**Problem to solve:** Should any entry include an image, skip the image and copy the entry exactly.

**Saved data entries:**
********************
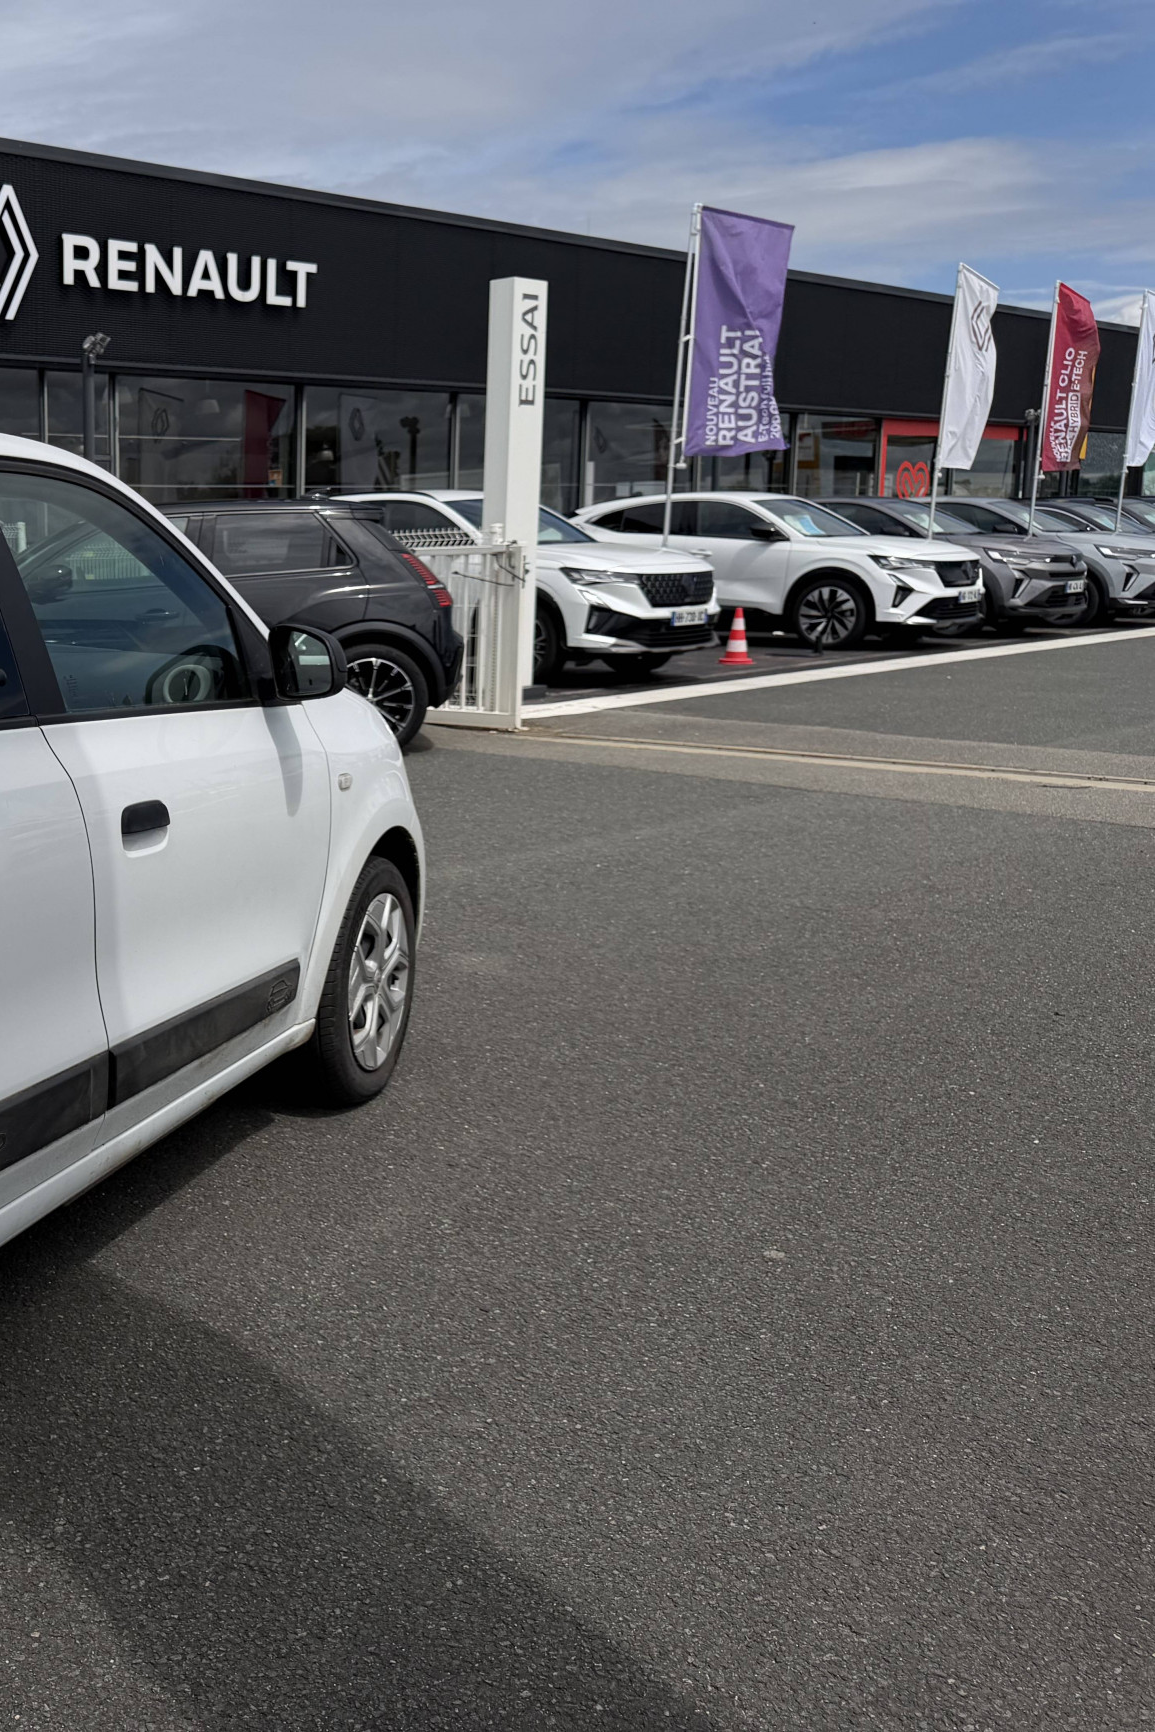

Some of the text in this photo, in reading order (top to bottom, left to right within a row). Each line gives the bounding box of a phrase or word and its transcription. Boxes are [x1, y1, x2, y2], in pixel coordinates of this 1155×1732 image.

[61, 233, 318, 308] RENAULT
[518, 293, 539, 407] ESSAI
[717, 324, 742, 446] RENAULT
[1058, 347, 1075, 387] CLIO
[1071, 350, 1088, 391] E-TECH
[704, 376, 719, 446] NOUVEAU
[1068, 394, 1079, 434] HYBRID
********************
**Reply:**
Some of the text in this photo, in reading order (top to bottom, left to right within a row). Each line gives the bounding box of a phrase or word and its transcription. Boxes are [x1, y1, x2, y2], in pixel coordinates of this 1155×1732 image.

[61, 233, 318, 308] RENAULT
[518, 293, 539, 407] ESSAI
[717, 324, 742, 446] RENAULT
[1058, 347, 1075, 387] CLIO
[1071, 350, 1088, 391] E-TECH
[704, 376, 719, 446] NOUVEAU
[1068, 394, 1079, 434] HYBRID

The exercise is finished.